* **Task statement**: The records appear below. Set down exactly each line from the one that contains "Some of the words" through the last, both included.

* **Extracted entries**:
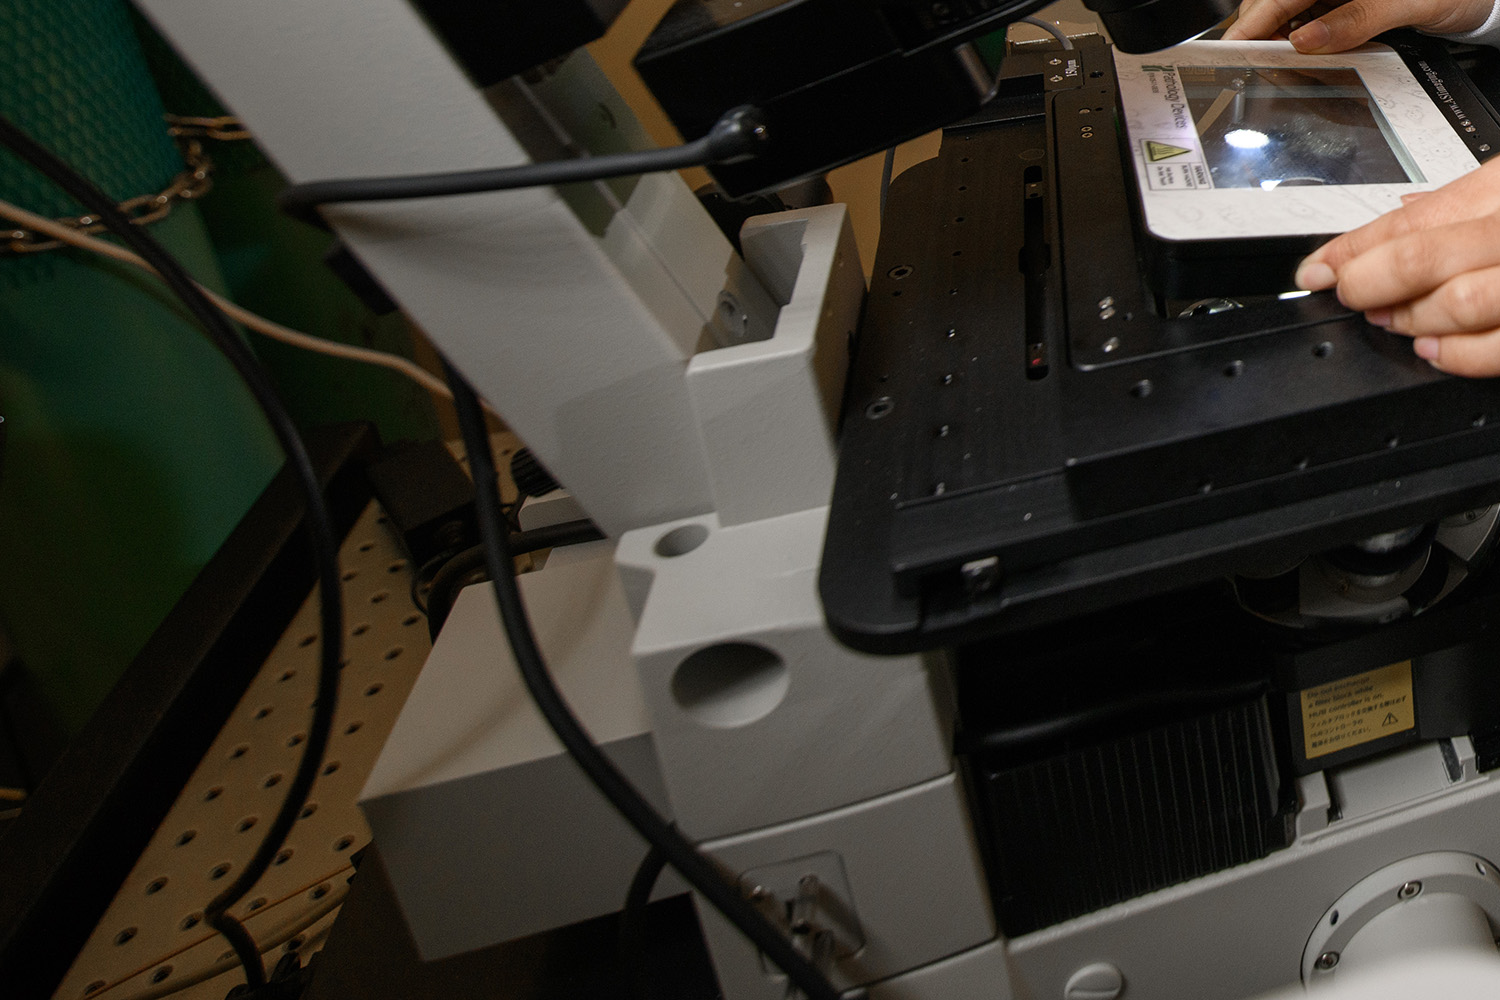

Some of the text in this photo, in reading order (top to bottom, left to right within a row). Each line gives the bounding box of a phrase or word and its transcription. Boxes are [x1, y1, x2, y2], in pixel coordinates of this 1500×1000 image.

[1163, 73, 1187, 129] Pathology Devices
[1328, 699, 1363, 713] controller
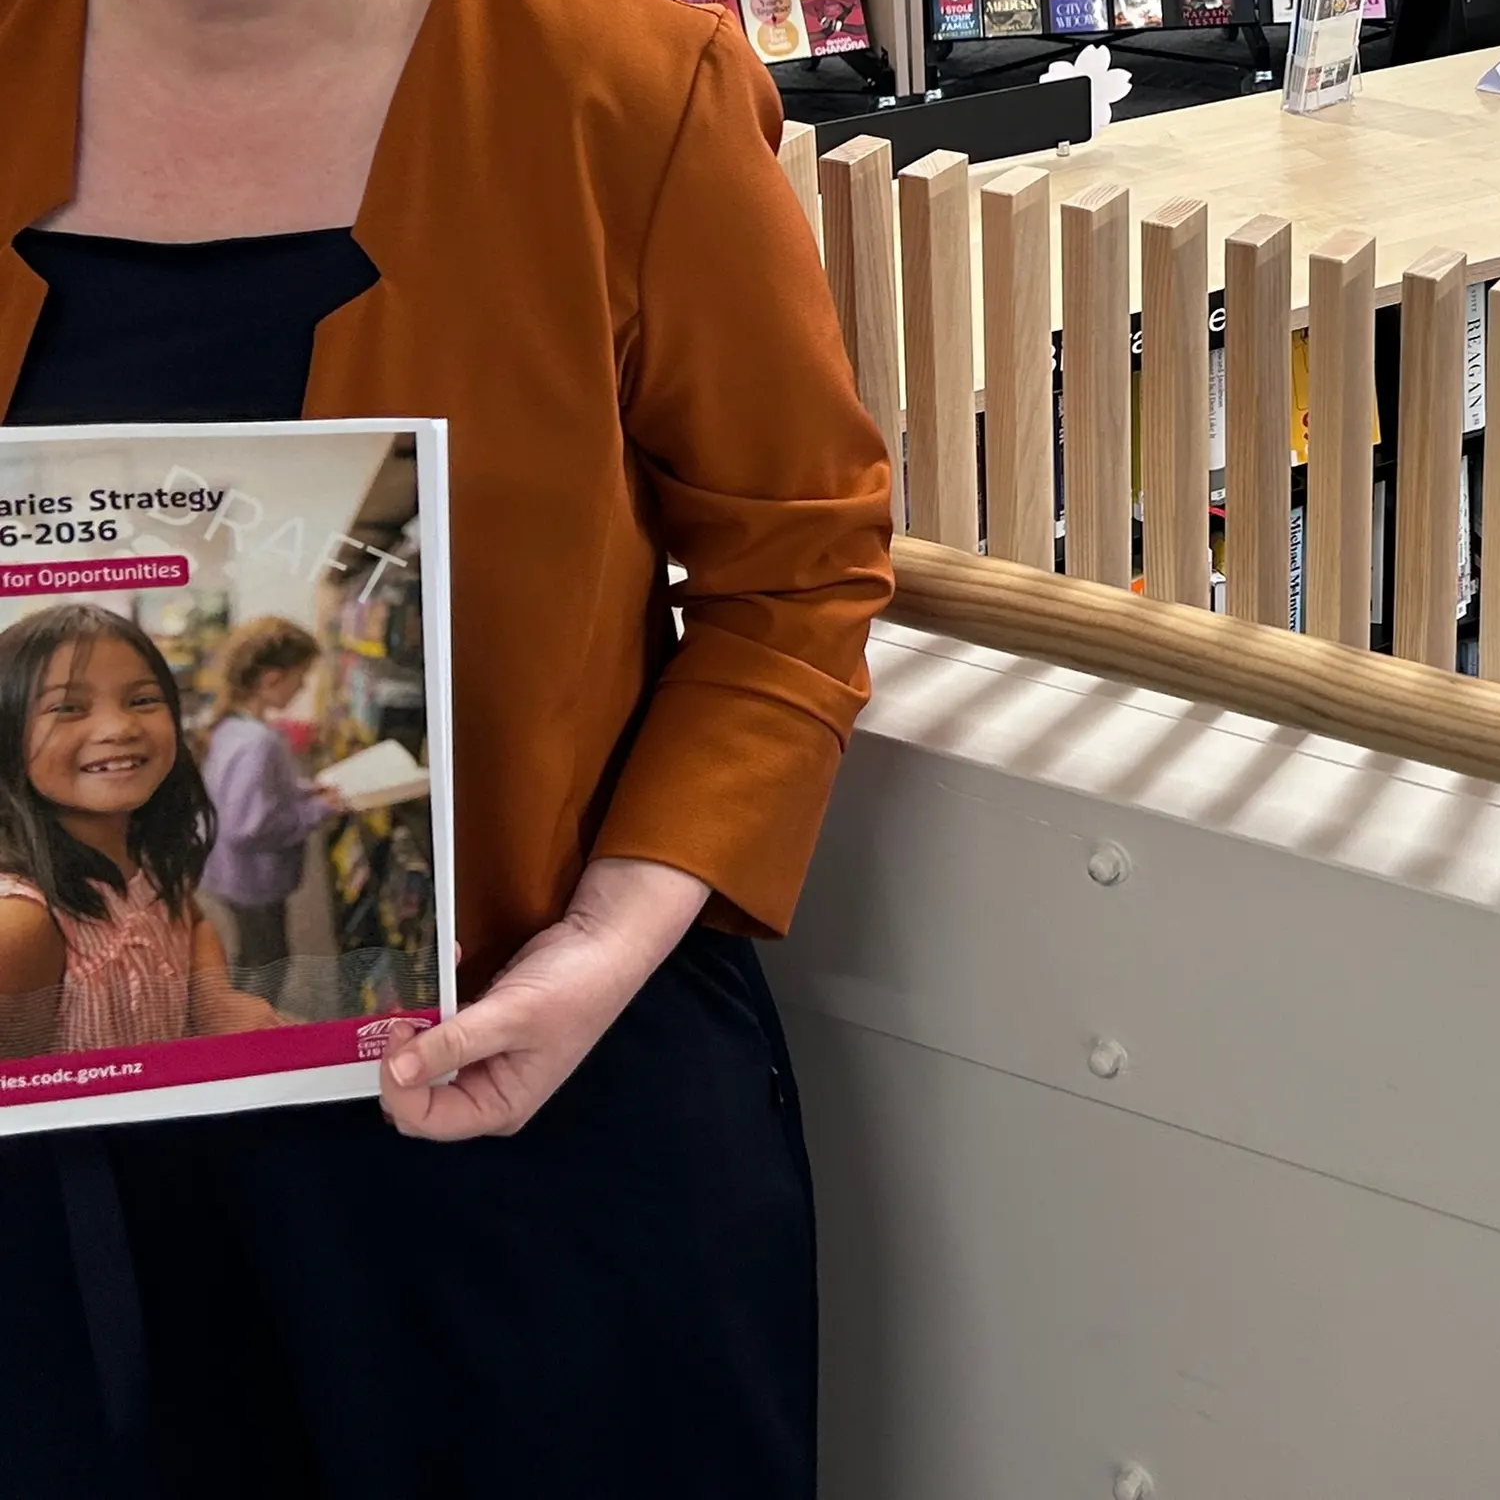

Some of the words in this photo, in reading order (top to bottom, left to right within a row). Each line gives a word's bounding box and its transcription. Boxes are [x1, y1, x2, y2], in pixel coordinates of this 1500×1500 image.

[940, 20, 976, 32] FAMILY
[945, 13, 972, 22] YOUR
[1056, 15, 1097, 29] WIDOW
[814, 38, 867, 57] CHANDRA
[1467, 318, 1482, 409] REAGAN
[0, 493, 73, 517] aries
[89, 487, 225, 512] Strategy
[0, 519, 118, 547] 6-2036
[149, 464, 408, 604] DRAFT
[1290, 516, 1301, 569] Michael
[3, 570, 34, 588] for
[38, 562, 181, 589] Opportunities
[0, 1061, 144, 1090] ies.codc.govt.nz

* **Written response**:
Some of the words in this photo, in reading order (top to bottom, left to right within a row). Each line gives a word's bounding box and its transcription. Boxes are [x1, y1, x2, y2], in pixel coordinates of this 1500×1500 image.

[940, 20, 976, 32] FAMILY
[945, 13, 972, 22] YOUR
[1056, 15, 1097, 29] WIDOW
[814, 38, 867, 57] CHANDRA
[1467, 318, 1482, 409] REAGAN
[0, 493, 73, 517] aries
[89, 487, 225, 512] Strategy
[0, 519, 118, 547] 6-2036
[149, 464, 408, 604] DRAFT
[1290, 516, 1301, 569] Michael
[3, 570, 34, 588] for
[38, 562, 181, 589] Opportunities
[0, 1061, 144, 1090] ies.codc.govt.nz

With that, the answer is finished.